Bilinguisme des juges: Raymond Théberge appelé à clarifier sa position

Tandis que certains députés libéraux se disent tout à fait à l’aise avec les propos du commissaire désigné aux langues officielles sur le bilinguisme des juges de la Cour suprême du Canada (CSC), le ministre Jean-Yves Duclos estime que Raymond Théberge devra clarifier sa pensée.

Le commissaire choisi par Justin Trudeau pour agir comme chien de garde des deux langues officielles du Canada en a surpris plus d’un en suggérant mardi devant un comité parlementaire qu’il n’était pas convaincu que ces magistrats doivent être bilingues.

Dans les couloirs du parlement, mercredi, quelques élus libéraux ont plaidé que les propos n’étaient pas de nature à les inquiéter. Le député Randy Boissonnault a assuré que cela ne l’avait pas mis « mal à l’aise » et s’est dit convaincu que Raymond Théberge ferait « un très bon commissaire ».
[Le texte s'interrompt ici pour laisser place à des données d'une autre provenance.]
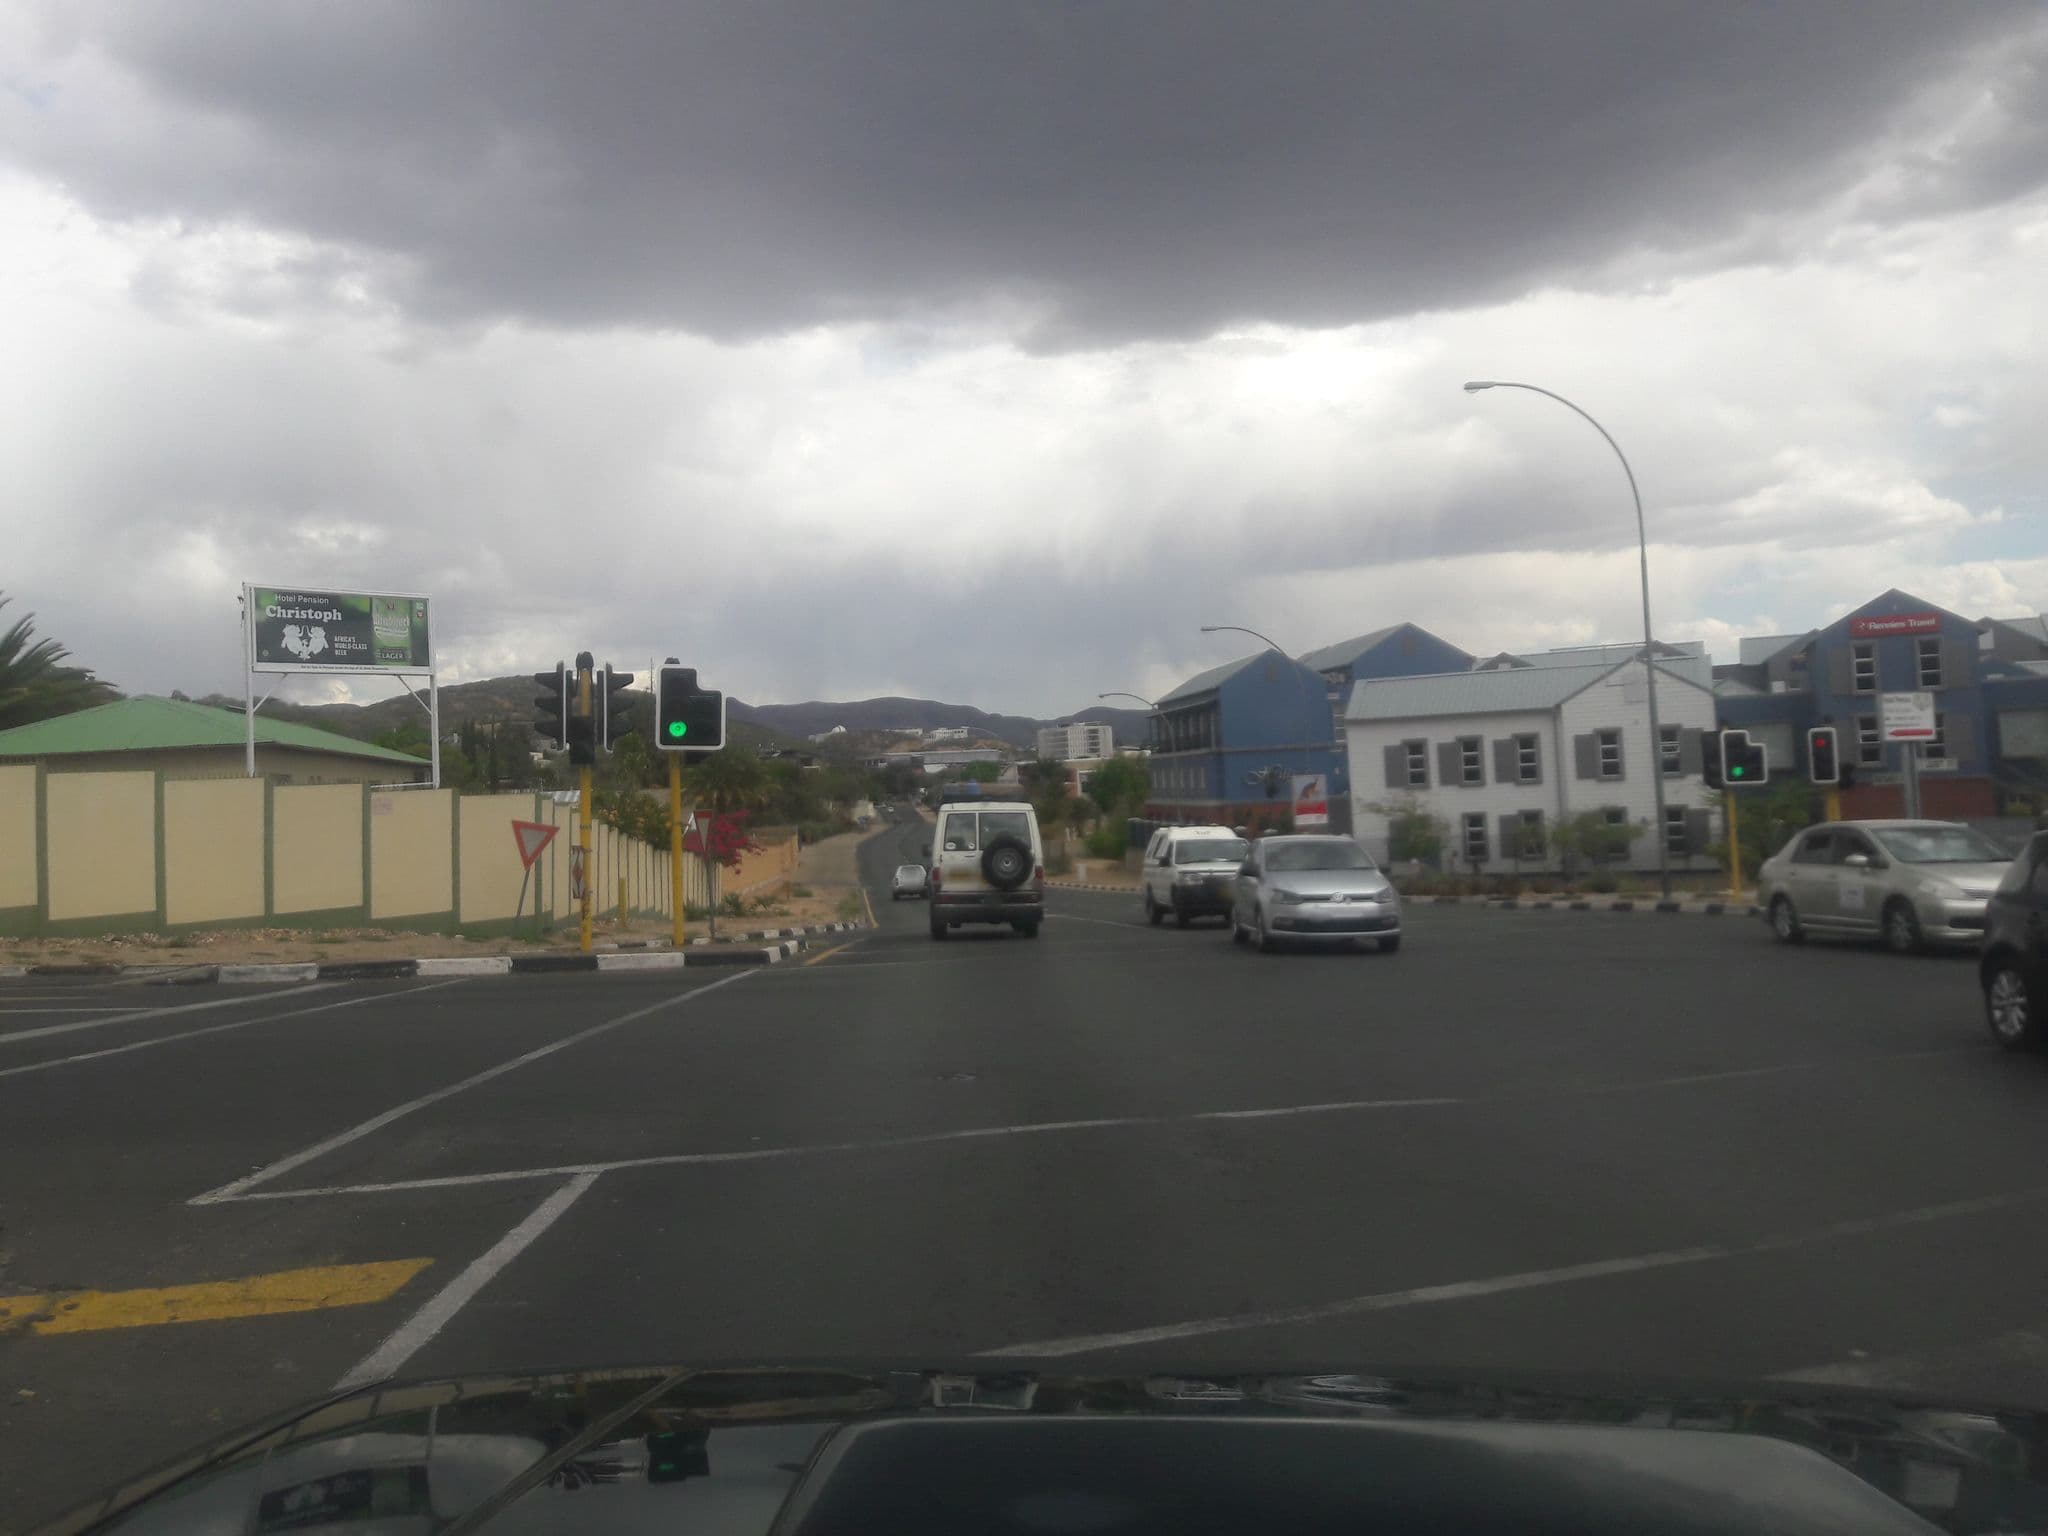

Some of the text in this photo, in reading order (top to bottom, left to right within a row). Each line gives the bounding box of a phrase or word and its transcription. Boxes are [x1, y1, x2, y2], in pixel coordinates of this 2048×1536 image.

Le ministre Jean-Yves Duclos, pour sa part, a offert un son de cloche différent, affirmant en mêlée de presse qu’il fallait « donner la chance au candidat de se s’exprimer davantage » et de « se faire valoir » puisqu’il « n’a pas eu l’occasion de le faire de manière complète jusqu’à maintenant ».

C’est aussi ce que la Fédération des communautés francophones et acadienne (FCFA) réclame. Dans un communiqué transmis mercredi, le président Jean Johnson a plaidé que les communautés linguistiques minoritaires attendent du commissaire « une position claire, ferme et sans ambiguïté ».

La comparution de Raymond Théberge devant le comité permanent des langues officielles a été interrompue en raison d’un problème technique. À son départ, il a refusé de répondre aux questions des journalistes, même si ceux-ci lui ont signalé que sa déclaration semait la confusion.

La suite de son témoignage aura lieu jeudi après-midi. Avant lui, ce sera Mélanie Joly qui répondra aux questions des députés du comité. La ministre du Patrimoine canadien n’avait pas encore réagi

à la sortie de M. Théberge, mercredi après-midi.

Son attaché de presse, Simon Ross, n’avait pas formulé d’inquiétudes ou de critiques face aux propos du Franco-Manitobain. « Il est indépendant, et je pense qu’il va répondre aux questions qui s’adressent à lui. Ce ne sera pas nous qui va commenter là-dessus », a-t-il dit mardi soir.